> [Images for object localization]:
BEGIN
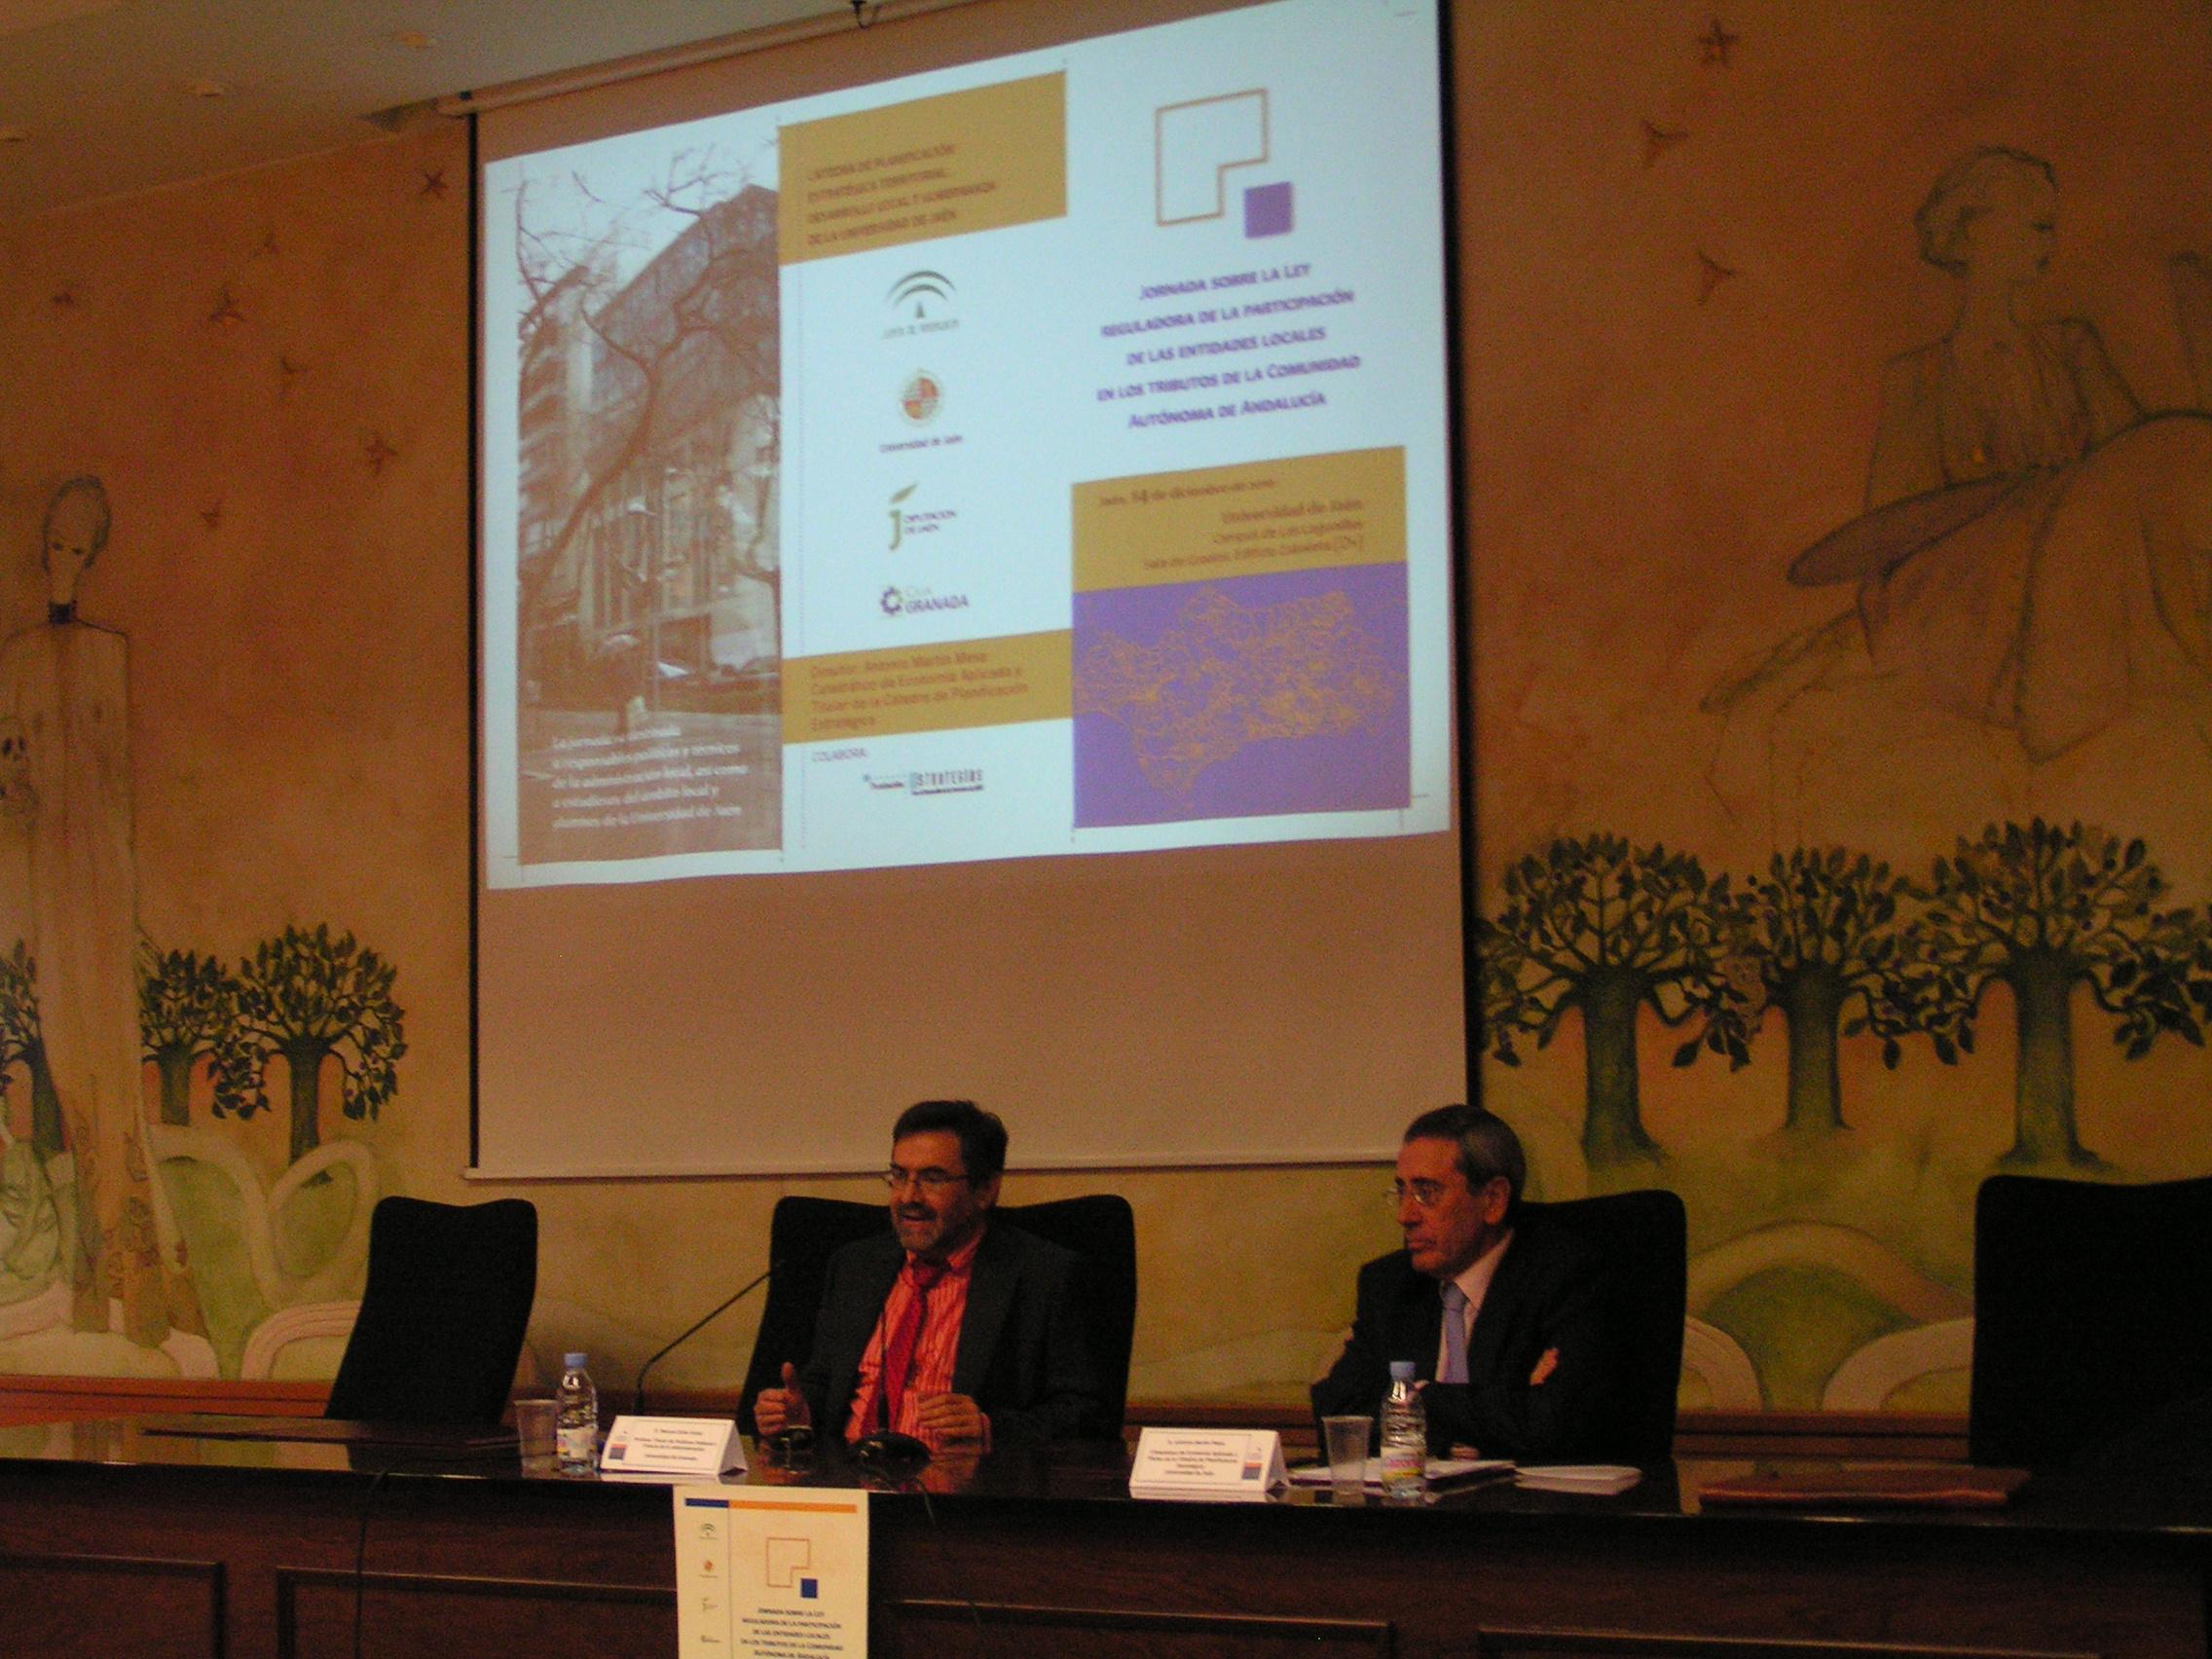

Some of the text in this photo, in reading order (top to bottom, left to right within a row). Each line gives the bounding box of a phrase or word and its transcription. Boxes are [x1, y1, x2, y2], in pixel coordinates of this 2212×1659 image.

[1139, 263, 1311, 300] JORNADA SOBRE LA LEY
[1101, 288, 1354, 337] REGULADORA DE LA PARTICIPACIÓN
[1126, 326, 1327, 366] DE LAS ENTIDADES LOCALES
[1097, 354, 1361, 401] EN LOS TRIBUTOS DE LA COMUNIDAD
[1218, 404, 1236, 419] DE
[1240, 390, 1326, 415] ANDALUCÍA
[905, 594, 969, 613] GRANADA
END
Restate the data above exactly, stripping out each image.

Some of the text in this photo, in reading order (top to bottom, left to right within a row). Each line gives the bounding box of a phrase or word and its transcription. Boxes are [x1, y1, x2, y2], in pixel coordinates of this 2212×1659 image.

[1139, 263, 1311, 300] JORNADA SOBRE LA LEY
[1101, 288, 1354, 337] REGULADORA DE LA PARTICIPACIÓN
[1126, 326, 1327, 366] DE LAS ENTIDADES LOCALES
[1097, 354, 1361, 401] EN LOS TRIBUTOS DE LA COMUNIDAD
[1218, 404, 1236, 419] DE
[1240, 390, 1326, 415] ANDALUCÍA
[905, 594, 969, 613] GRANADA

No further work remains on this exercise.